Where do your poems most often come from—an image, a sound, a phrase, an idea?
Individual poems, or sections of poems, usually begin with some language, the significance of which may or may not be clear to me. Recently I’ve been writing long poems, even book-length poems, with either a thematic or a formal center. But even then, individual sections begin, almost always, with language that presents itself as potential poetry. 

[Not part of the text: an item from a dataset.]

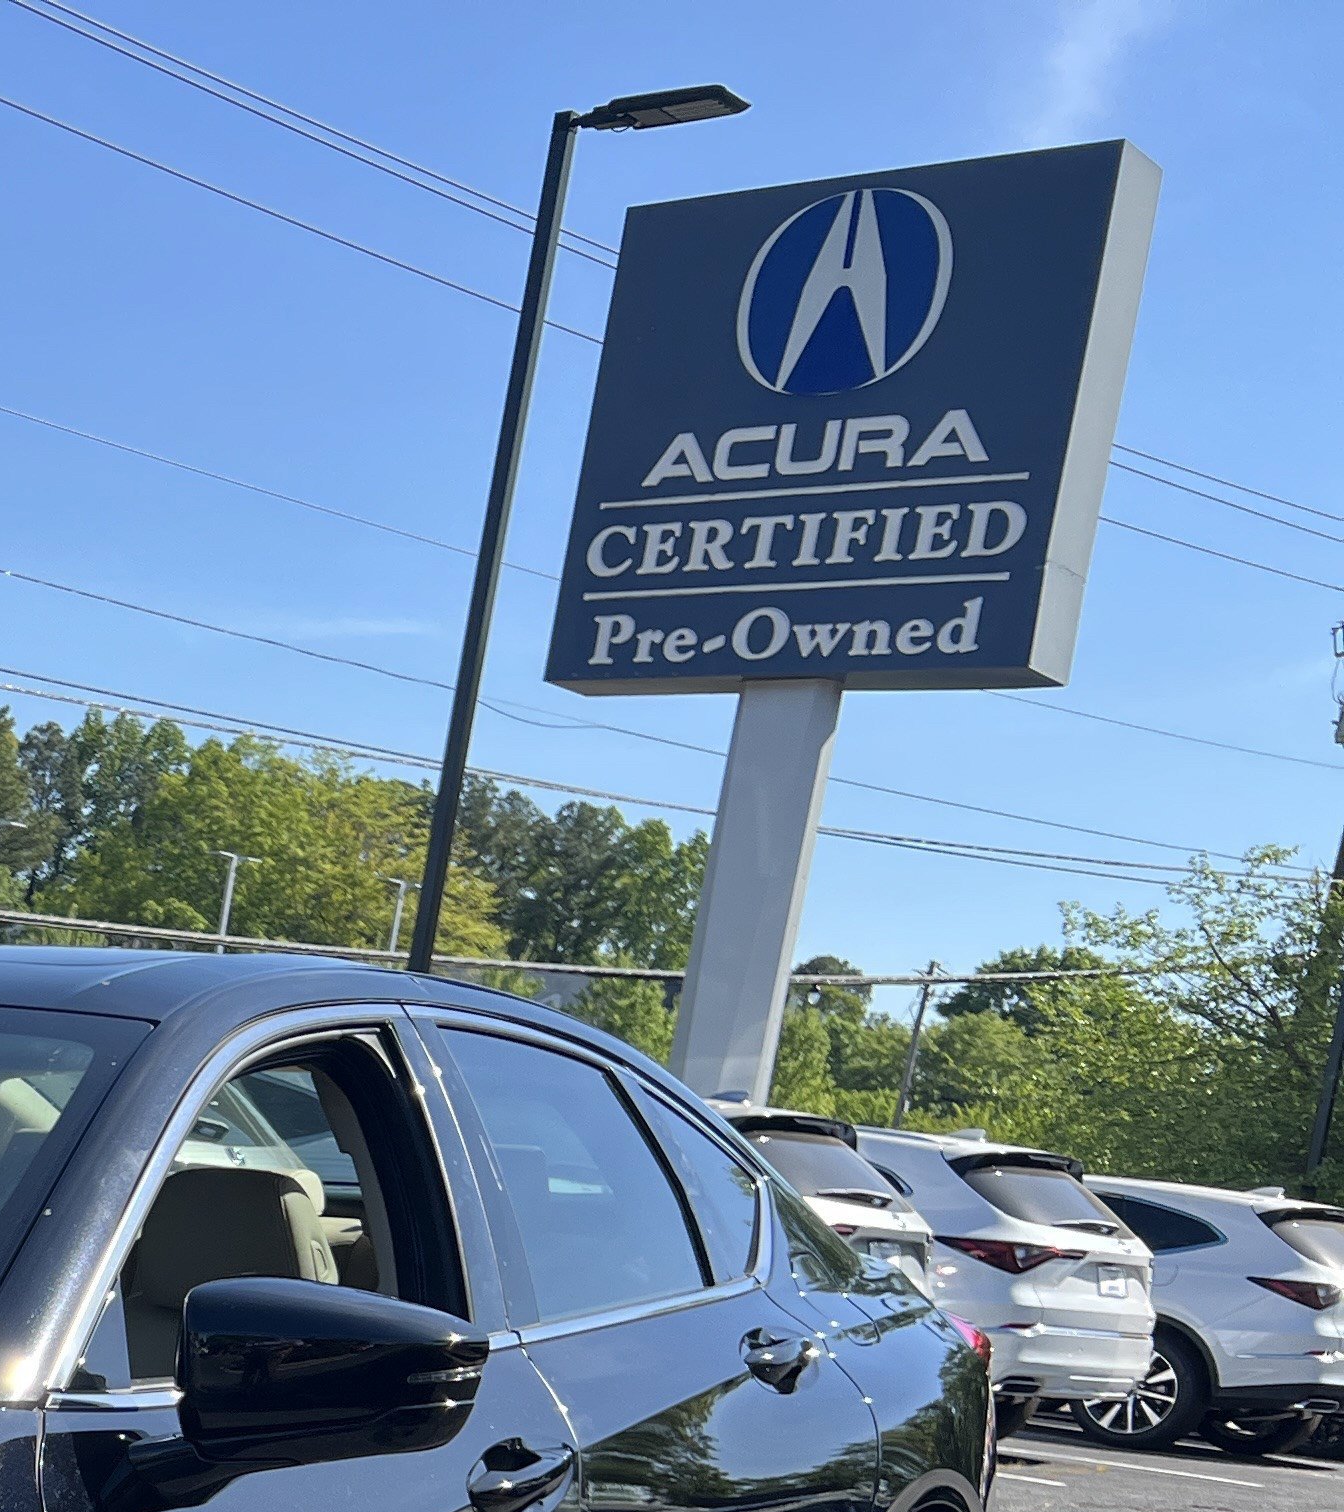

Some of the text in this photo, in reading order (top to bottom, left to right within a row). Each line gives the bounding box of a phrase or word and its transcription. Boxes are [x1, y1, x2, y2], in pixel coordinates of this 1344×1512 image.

[641, 409, 990, 488] ACURA
[585, 500, 1029, 578] CERTIFIED
[587, 596, 985, 666] Pre-Owned

Which writers (living or dead) do you feel have influenced you the most?My earliest serious influence was the Bible, which was the central text of my childhood; it’s still important to me, still in the King James Version. In college I discovered Wallace Stevens, as noted, and Emily Dickinson. Since then the influences have been too numerous to mention, or for me to even recognize. But I know that Muriel Rukeyser and Peter Klappert nudged me toward the “documentary” poetry I’ve been writing recently, as well as toward the book-length poem or sequence, for which Gwendolyn Brooks and C.D. Wright (Deepstep Come Shining) were also influences.

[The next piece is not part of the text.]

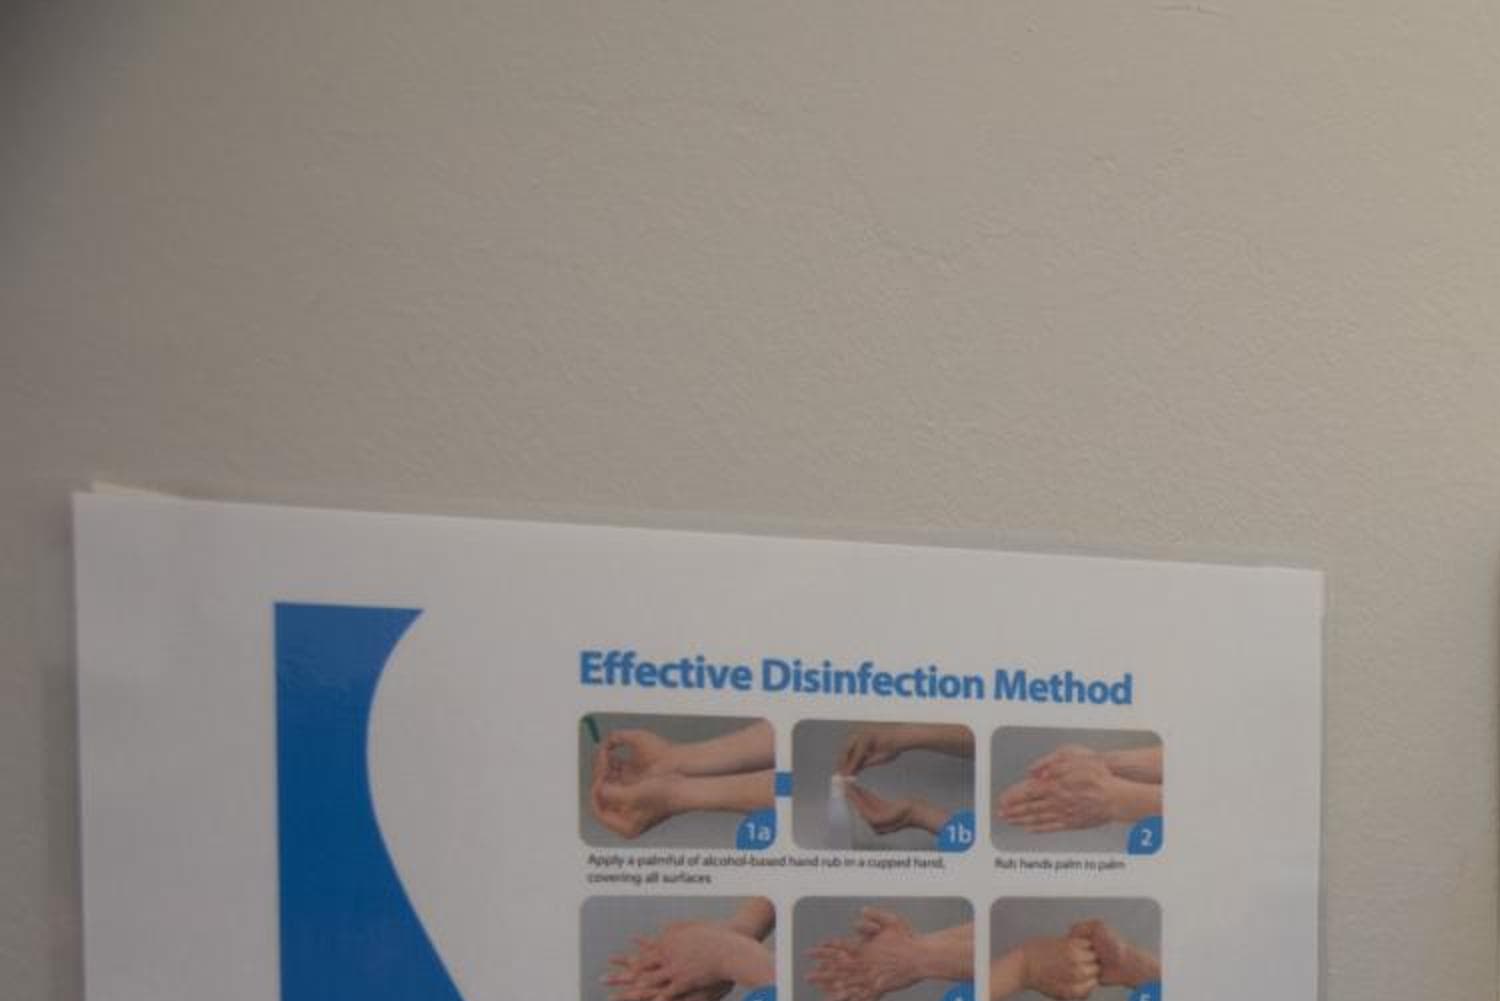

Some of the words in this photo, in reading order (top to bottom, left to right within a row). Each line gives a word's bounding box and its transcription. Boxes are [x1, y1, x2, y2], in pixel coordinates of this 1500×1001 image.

Tell us a little bit about your new collection: what's the significance of the title? are there over-arching themes? what was the process of assembling it? was is a project book? etc.
Admit One: An American Scrapbook focuses on the scientific racism of the early twentieth century, including the eugenics movement. The book began when I discovered that the 1904 St. Louis World’s Fair, which my grandparents had attended, included not only fake marble palaces extolling the virtues of progress, but also 3,000 human “exhibits” designed to show “scientific” distinctions between races. From then on, one discovery led to another: one of the Fair “exhibits” was later displayed in the Bronx Zoo, which was founded by a man who became central to the eugenics movement, and whose work culminated in anti-immigration, anti-miscegenation, and eugenic sterilization laws in 1924. Among the book’s recurring elements are evolving portraits of the “exhibited” African Ota Benga, the sterilization victim Carrie Buck, and the eugenicist Madison Grant, whose reach extended to Nazi Germany.

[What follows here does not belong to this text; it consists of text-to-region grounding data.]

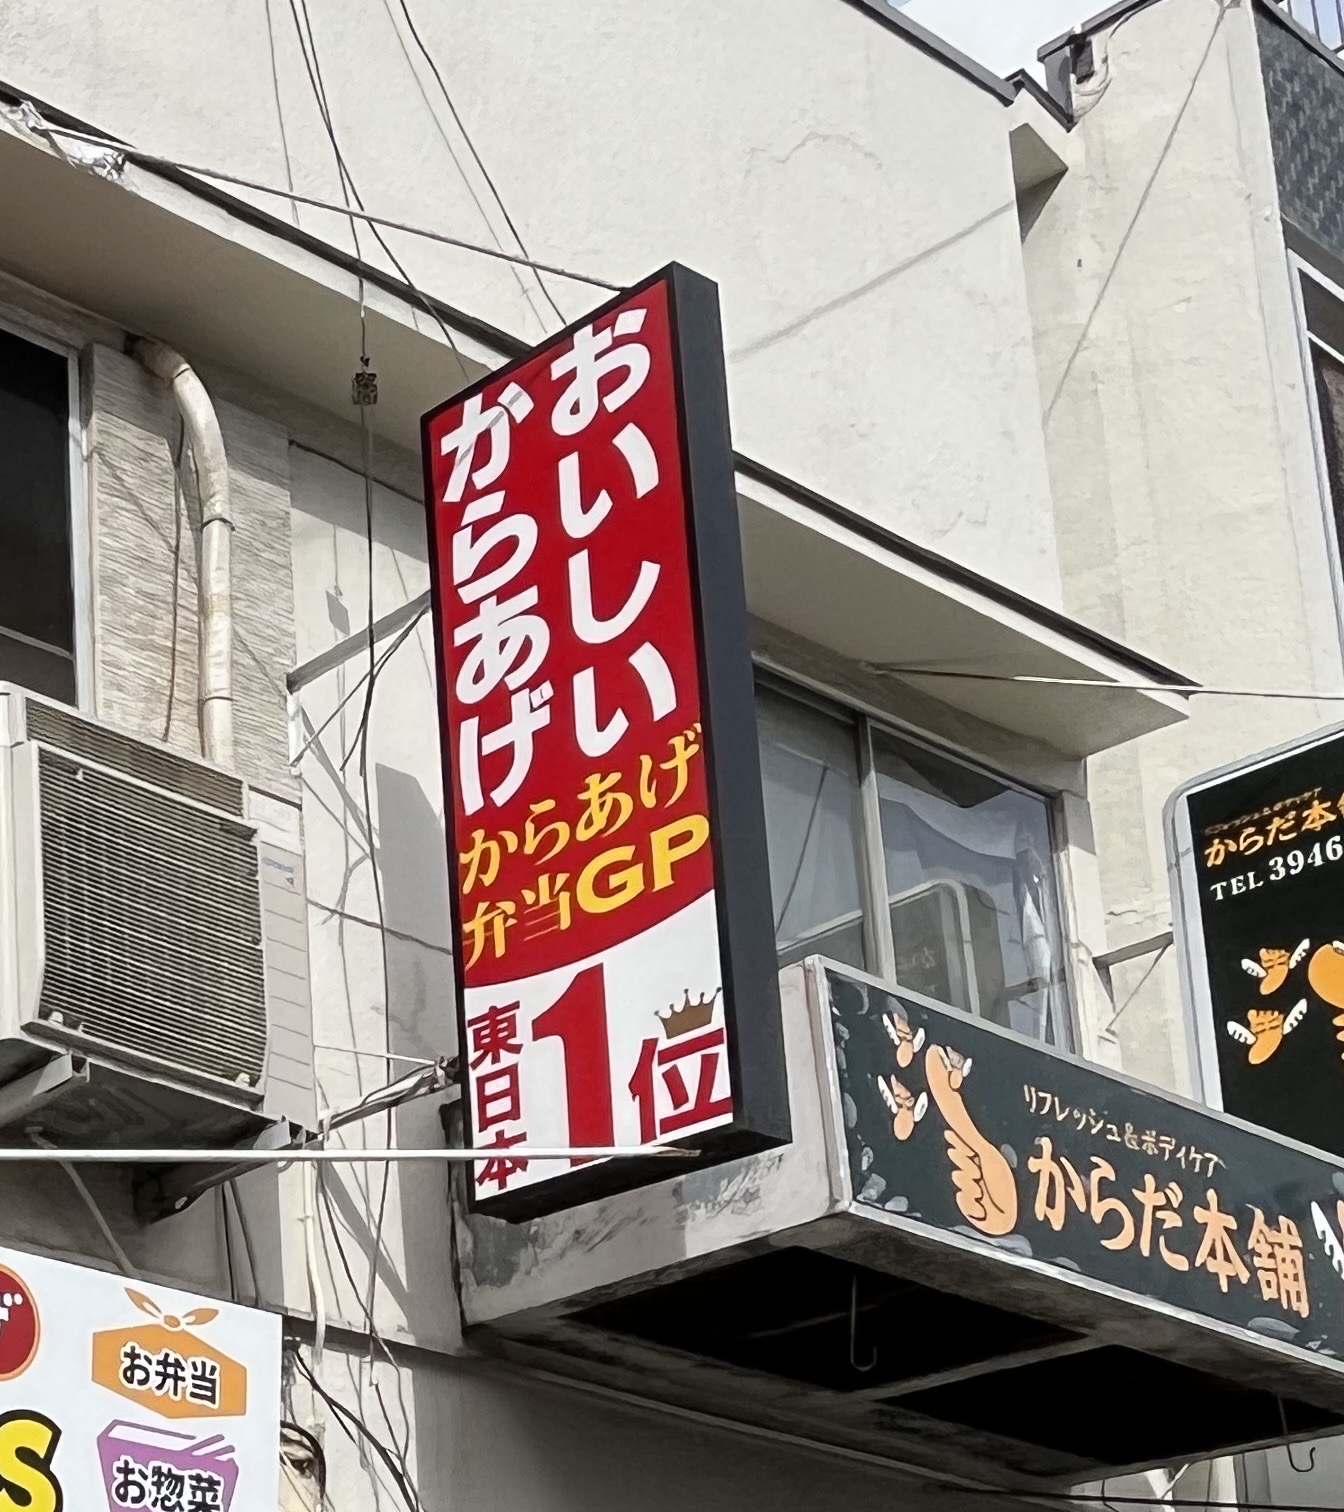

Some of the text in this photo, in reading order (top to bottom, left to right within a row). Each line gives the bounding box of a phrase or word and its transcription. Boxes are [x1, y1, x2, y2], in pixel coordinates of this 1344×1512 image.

[440, 378, 551, 818] からあげ
[550, 307, 678, 759] おいしい
[458, 722, 703, 896] からあげ
[461, 815, 711, 971] 弁当GP
[1203, 792, 1344, 868] からだ本
[1210, 834, 1344, 901] TEL 3946
[466, 1002, 524, 1190] 東日本
[1027, 1136, 1309, 1319] からだ本舗
[119, 1346, 220, 1407] お弁当

The book uses a wide variety of documentary sources, including my Illinois grandfather’s newspaper, resulting in a “scrapbook” of fragments, quotations, narrative passages, and lyrical riffs. The “Admit One” part of the title references many of the book’s central concerns: the Fair and the Zoo, which would have required a ticket for entry; immigration policy, which determined who was and who was not admitted to the country; and institutions to which the victims of eugenic segregation and sterlization were admitted.

Read and view a sample poem from Admit One: An American Scrapbook here:

Fitter Families

Yea, I have a goodly heritage my mother
said her sister said the Bible said
and it does and they did we do but

that was also the motto of Fitter Families
for Future Firesides, contests featured
at state fairs using anthropometric

measurements medical dental vision
exams intelligence tests personality
evaluations of families some

with several generations as well
as eugenic family histories. The forms
had a blank for race (which could be Nordic)

and charts were posted with literacy rates
for NATIVE-BORN FOREIGN-BORN NEGROES
as well as birth rates for NATIVE-BORN ALIEN

There were also displays with flashing lights

This light flashes every 15 seconds
                                       O
Every 15 seconds $100 of your money
goes for the care of persons with bad
heredity such as the insane, feeble-
minded, criminals & other defectives.